» **Exercise**
The records below need to be repeated exactly, though not their pictures.

===== Exercise inputs

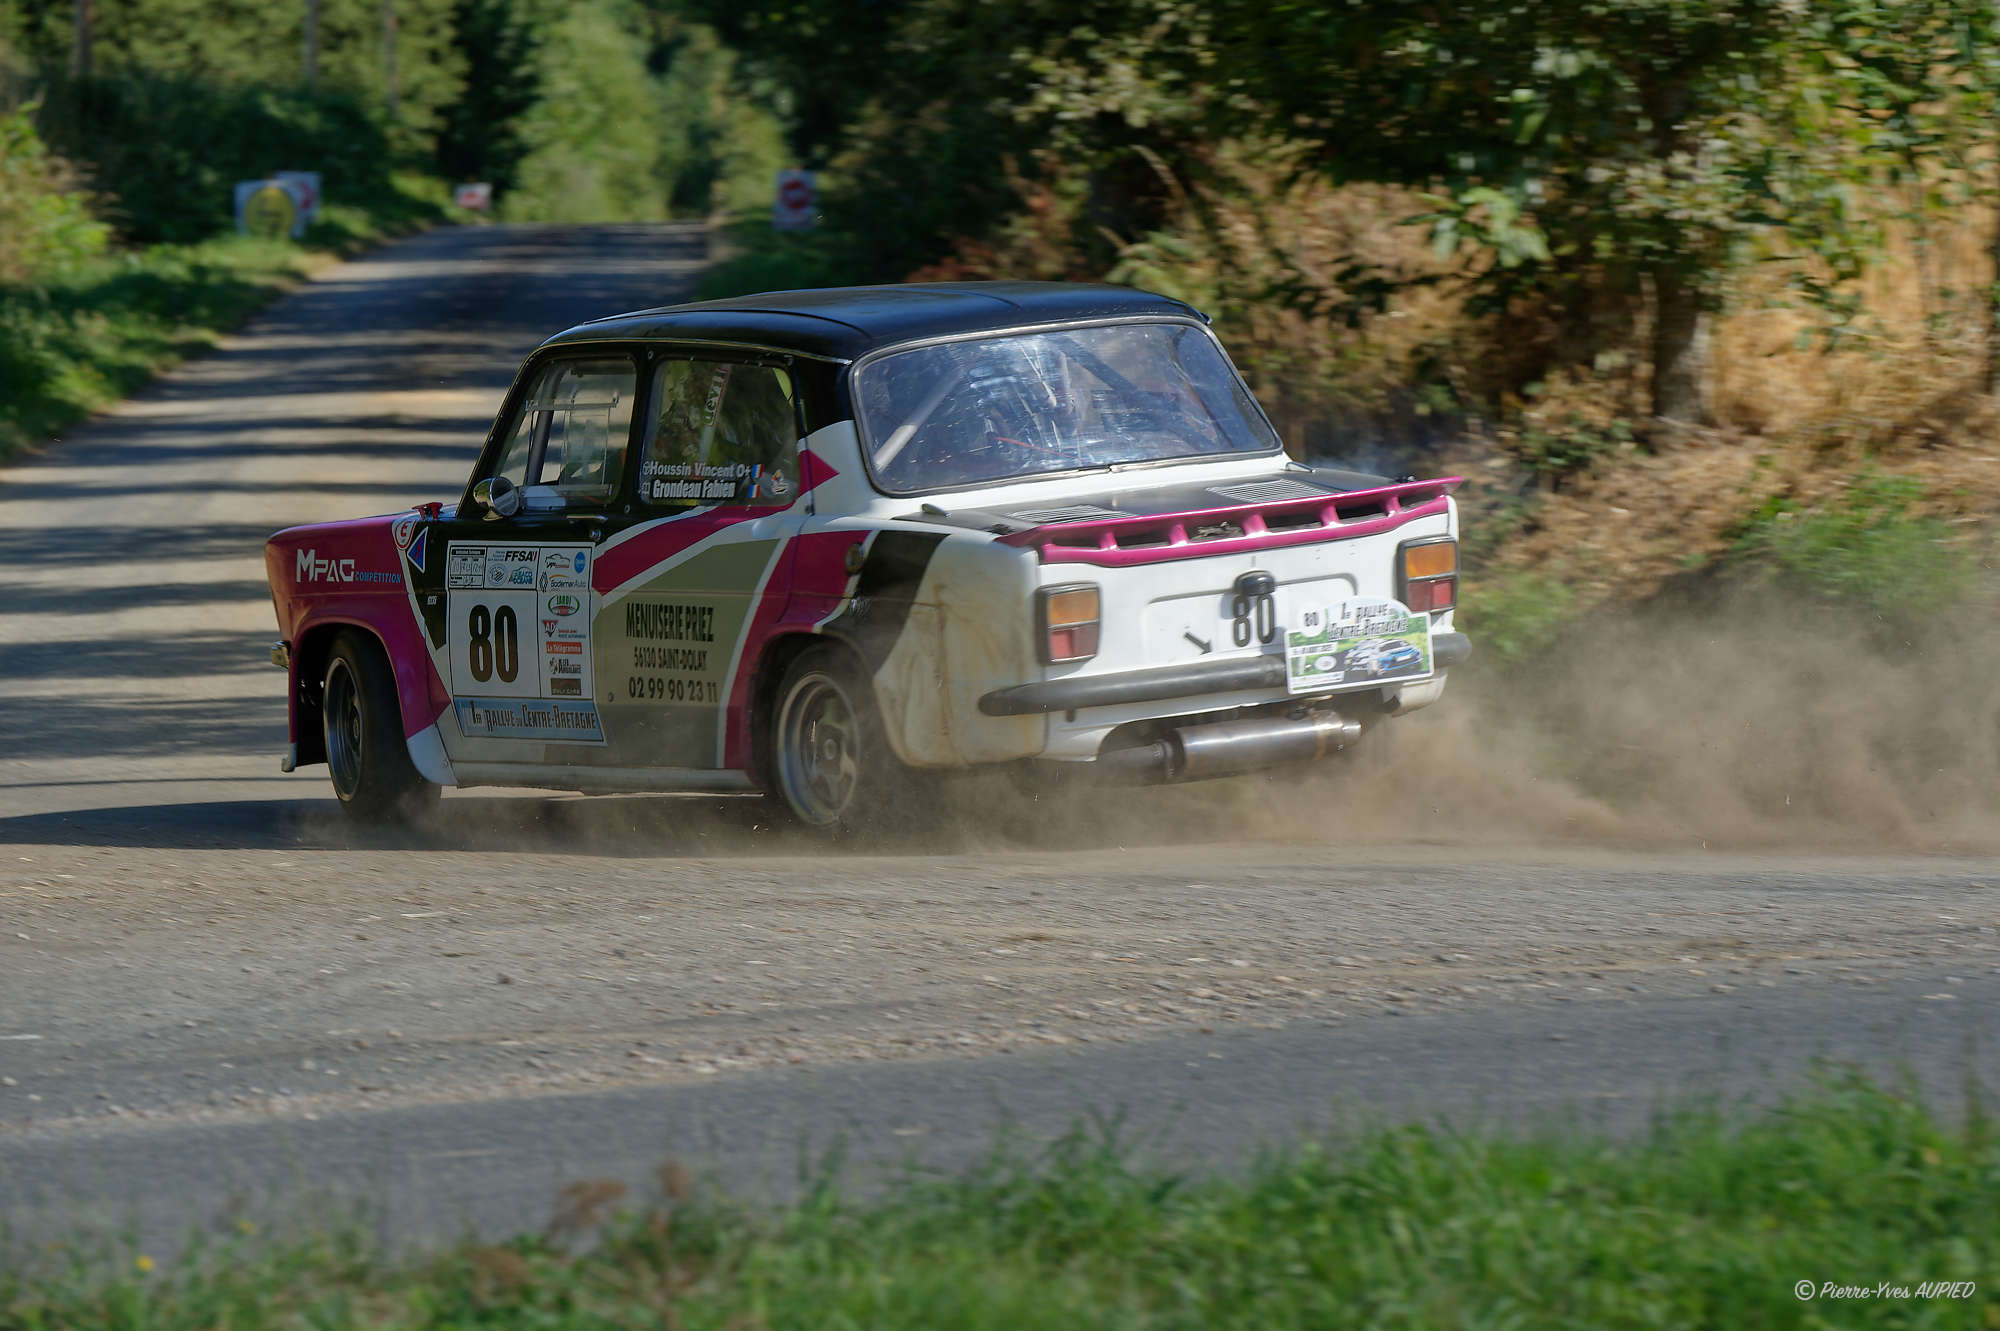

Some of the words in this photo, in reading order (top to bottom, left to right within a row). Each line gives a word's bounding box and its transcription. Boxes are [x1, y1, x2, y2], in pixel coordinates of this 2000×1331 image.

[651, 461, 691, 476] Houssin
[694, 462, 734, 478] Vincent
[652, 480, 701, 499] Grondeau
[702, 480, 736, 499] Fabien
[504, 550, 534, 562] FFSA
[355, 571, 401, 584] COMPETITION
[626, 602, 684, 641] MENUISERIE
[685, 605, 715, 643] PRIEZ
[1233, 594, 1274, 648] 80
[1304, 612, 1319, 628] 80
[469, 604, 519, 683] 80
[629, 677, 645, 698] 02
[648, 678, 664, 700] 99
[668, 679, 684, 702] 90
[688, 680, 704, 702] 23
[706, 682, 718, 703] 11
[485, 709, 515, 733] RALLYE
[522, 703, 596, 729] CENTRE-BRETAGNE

==========

» **Written response**
Some of the words in this photo, in reading order (top to bottom, left to right within a row). Each line gives a word's bounding box and its transcription. Boxes are [x1, y1, x2, y2], in pixel coordinates of this 2000×1331 image.

[651, 461, 691, 476] Houssin
[694, 462, 734, 478] Vincent
[652, 480, 701, 499] Grondeau
[702, 480, 736, 499] Fabien
[504, 550, 534, 562] FFSA
[355, 571, 401, 584] COMPETITION
[626, 602, 684, 641] MENUISERIE
[685, 605, 715, 643] PRIEZ
[1233, 594, 1274, 648] 80
[1304, 612, 1319, 628] 80
[469, 604, 519, 683] 80
[629, 677, 645, 698] 02
[648, 678, 664, 700] 99
[668, 679, 684, 702] 90
[688, 680, 704, 702] 23
[706, 682, 718, 703] 11
[485, 709, 515, 733] RALLYE
[522, 703, 596, 729] CENTRE-BRETAGNE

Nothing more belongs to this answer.